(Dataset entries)
........

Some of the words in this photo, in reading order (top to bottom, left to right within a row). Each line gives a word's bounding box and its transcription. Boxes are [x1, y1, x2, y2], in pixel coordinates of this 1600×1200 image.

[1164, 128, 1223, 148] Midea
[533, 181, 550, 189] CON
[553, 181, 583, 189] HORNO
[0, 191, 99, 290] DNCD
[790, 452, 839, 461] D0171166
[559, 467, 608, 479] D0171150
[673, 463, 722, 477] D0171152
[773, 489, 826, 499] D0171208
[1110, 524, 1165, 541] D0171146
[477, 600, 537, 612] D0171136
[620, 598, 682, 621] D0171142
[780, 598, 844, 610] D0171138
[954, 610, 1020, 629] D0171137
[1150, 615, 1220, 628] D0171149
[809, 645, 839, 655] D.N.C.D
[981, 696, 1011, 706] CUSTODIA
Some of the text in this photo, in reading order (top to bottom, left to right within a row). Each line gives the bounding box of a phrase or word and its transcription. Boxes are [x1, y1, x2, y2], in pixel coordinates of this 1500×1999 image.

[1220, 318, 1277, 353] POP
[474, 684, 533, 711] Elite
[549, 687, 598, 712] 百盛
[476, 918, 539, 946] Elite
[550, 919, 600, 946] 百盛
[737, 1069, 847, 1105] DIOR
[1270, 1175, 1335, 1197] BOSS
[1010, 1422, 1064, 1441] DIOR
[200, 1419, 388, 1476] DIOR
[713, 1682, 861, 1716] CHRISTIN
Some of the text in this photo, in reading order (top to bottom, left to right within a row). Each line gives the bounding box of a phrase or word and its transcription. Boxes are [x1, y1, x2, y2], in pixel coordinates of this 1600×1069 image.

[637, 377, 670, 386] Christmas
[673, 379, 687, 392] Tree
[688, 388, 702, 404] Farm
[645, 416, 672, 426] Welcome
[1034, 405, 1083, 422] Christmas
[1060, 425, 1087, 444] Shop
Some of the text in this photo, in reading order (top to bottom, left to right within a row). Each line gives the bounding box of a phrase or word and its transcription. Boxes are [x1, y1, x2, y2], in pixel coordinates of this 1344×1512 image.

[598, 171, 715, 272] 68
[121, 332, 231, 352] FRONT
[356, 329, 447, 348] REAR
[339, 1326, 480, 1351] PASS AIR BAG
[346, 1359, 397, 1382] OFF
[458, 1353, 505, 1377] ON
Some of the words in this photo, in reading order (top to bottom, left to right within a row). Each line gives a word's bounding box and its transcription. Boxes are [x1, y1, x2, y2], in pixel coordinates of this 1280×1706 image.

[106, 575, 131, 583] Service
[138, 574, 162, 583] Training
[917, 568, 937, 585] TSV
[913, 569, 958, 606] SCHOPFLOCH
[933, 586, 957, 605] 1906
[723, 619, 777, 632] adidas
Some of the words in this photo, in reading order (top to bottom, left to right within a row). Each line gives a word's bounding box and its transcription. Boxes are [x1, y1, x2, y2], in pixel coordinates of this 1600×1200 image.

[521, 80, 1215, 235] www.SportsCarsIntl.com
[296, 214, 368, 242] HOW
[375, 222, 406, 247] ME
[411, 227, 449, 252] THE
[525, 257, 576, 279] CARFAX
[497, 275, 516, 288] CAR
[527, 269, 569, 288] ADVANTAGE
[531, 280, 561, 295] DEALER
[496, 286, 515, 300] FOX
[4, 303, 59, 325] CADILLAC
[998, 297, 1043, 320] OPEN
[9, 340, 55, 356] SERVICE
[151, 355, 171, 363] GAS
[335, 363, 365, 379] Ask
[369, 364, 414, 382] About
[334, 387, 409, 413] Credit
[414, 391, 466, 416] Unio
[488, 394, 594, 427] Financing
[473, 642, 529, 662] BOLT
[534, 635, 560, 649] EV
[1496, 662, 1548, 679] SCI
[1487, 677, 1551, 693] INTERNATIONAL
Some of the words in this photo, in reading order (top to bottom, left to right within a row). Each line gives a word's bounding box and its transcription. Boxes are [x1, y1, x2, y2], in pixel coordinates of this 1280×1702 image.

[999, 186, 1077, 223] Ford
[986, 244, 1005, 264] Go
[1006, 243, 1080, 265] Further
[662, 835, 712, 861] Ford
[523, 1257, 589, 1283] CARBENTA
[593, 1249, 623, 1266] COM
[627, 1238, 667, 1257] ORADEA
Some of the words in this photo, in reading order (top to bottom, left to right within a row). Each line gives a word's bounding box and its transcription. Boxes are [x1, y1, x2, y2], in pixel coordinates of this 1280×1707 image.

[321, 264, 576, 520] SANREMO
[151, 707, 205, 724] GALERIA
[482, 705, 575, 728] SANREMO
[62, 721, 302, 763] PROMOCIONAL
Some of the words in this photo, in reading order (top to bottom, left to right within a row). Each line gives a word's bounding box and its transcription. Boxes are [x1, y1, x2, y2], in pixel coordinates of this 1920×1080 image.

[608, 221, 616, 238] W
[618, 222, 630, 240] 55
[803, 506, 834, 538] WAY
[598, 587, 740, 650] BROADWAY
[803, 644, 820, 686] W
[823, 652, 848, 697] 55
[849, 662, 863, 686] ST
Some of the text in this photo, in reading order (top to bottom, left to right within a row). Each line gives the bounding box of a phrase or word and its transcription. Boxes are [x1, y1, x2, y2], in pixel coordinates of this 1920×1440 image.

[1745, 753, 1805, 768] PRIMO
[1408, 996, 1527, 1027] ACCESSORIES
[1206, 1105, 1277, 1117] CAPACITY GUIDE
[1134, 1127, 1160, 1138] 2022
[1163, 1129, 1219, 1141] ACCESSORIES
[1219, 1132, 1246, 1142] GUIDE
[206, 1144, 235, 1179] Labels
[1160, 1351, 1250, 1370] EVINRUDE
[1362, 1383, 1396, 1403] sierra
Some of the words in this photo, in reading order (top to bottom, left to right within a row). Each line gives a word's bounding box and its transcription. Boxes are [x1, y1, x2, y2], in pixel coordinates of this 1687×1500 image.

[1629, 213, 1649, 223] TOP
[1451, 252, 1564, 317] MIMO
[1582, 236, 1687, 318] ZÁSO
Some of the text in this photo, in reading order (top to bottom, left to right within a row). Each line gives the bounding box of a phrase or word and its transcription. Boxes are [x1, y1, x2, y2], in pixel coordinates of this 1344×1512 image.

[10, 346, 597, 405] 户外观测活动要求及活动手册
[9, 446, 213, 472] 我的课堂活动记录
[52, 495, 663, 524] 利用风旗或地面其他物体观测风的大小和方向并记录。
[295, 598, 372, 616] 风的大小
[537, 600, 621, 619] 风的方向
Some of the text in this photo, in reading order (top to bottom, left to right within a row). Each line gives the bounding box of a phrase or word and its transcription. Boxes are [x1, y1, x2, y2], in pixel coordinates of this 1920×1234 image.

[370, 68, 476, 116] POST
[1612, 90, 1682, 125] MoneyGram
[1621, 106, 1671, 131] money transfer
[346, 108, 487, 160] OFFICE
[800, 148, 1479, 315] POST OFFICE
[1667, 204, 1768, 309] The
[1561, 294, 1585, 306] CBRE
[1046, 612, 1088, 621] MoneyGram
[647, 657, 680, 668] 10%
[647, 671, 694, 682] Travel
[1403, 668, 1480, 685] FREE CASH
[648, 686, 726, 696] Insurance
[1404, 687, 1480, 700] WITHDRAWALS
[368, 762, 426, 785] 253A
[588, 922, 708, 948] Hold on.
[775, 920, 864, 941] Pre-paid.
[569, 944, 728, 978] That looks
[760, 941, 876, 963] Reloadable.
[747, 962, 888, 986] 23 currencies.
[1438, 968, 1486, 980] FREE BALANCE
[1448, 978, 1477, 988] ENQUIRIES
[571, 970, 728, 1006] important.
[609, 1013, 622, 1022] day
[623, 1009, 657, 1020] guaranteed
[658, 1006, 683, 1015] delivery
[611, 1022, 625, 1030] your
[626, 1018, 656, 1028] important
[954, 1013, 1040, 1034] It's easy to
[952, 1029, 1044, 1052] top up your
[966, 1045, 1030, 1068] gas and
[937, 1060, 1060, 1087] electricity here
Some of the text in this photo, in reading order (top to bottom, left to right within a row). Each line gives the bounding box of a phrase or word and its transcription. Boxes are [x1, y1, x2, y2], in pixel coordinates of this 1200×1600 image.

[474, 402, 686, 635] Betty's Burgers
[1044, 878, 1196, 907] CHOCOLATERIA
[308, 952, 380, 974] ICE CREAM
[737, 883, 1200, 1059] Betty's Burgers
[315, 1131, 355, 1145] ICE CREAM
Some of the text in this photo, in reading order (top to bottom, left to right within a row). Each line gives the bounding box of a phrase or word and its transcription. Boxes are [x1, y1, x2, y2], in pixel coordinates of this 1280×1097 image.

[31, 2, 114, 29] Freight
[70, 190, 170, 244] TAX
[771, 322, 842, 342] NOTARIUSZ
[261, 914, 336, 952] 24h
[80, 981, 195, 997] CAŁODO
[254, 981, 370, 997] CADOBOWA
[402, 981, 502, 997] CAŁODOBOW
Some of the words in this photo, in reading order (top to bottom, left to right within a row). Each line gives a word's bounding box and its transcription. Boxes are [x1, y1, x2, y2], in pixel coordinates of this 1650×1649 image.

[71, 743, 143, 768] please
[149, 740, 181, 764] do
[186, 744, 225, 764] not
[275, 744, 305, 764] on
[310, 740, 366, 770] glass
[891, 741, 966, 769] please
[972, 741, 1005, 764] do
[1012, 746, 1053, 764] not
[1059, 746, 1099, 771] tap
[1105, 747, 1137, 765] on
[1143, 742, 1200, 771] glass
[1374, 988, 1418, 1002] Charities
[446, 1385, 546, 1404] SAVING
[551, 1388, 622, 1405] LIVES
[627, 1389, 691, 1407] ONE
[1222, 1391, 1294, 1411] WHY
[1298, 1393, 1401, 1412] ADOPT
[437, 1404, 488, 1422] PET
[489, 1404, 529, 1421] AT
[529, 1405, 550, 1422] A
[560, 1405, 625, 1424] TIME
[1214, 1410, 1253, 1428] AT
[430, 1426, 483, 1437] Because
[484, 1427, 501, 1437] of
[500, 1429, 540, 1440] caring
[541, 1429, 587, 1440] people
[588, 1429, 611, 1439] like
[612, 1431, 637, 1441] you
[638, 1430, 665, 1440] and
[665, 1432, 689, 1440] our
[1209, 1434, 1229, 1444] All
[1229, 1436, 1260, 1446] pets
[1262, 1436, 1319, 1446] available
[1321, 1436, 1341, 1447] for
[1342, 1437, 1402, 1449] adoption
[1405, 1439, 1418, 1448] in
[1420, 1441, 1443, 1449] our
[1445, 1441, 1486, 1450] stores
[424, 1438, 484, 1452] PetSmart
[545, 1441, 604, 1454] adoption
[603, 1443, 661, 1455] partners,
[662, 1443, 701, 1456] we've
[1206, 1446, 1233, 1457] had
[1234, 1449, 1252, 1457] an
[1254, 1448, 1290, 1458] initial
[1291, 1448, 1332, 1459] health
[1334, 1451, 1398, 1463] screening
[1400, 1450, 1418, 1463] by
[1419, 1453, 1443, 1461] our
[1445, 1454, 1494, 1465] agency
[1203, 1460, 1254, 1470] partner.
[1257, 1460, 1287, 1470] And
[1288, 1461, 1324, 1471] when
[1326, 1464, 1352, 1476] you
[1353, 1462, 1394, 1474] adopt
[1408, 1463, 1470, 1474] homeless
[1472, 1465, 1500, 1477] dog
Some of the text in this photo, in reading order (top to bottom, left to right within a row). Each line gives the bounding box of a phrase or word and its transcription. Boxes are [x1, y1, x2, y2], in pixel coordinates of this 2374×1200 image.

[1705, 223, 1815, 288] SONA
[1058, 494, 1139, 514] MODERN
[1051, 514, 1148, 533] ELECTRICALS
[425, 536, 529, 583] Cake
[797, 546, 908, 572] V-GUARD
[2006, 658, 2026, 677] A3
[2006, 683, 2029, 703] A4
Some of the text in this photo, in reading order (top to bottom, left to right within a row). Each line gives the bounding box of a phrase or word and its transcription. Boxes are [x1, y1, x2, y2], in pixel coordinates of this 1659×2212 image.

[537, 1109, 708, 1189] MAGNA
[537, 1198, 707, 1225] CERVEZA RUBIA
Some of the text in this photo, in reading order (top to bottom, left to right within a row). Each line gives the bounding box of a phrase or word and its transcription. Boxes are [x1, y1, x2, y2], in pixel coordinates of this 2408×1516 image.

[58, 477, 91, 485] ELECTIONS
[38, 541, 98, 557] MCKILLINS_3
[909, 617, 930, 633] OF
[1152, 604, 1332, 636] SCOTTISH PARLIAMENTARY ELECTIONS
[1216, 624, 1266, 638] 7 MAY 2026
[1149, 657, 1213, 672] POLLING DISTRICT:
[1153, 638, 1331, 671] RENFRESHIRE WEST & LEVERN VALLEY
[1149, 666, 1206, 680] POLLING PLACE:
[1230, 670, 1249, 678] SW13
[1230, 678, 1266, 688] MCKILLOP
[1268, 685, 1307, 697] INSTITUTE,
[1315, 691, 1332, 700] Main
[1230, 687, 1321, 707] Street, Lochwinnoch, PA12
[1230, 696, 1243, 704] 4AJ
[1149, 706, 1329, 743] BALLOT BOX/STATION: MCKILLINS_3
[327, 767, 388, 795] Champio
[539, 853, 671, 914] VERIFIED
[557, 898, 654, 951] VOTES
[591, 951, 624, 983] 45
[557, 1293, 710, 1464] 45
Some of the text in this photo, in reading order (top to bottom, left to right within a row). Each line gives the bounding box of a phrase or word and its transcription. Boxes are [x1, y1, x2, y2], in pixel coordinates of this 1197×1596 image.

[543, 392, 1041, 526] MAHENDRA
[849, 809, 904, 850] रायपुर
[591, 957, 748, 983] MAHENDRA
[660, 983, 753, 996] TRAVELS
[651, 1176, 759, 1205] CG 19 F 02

........

:: TASK ITEM ::
Every line from the one with "this 1197×1596 image." to the end of the records above should be returned exactly, and no other lines.

:: REPLY TO THE EXERCISE ::
Some of the text in this photo, in reading order (top to bottom, left to right within a row). Each line gives the bounding box of a phrase or word and its transcription. Boxes are [x1, y1, x2, y2], in pixel coordinates of this 1197×1596 image.

[543, 392, 1041, 526] MAHENDRA
[849, 809, 904, 850] रायपुर
[591, 957, 748, 983] MAHENDRA
[660, 983, 753, 996] TRAVELS
[651, 1176, 759, 1205] CG 19 F 02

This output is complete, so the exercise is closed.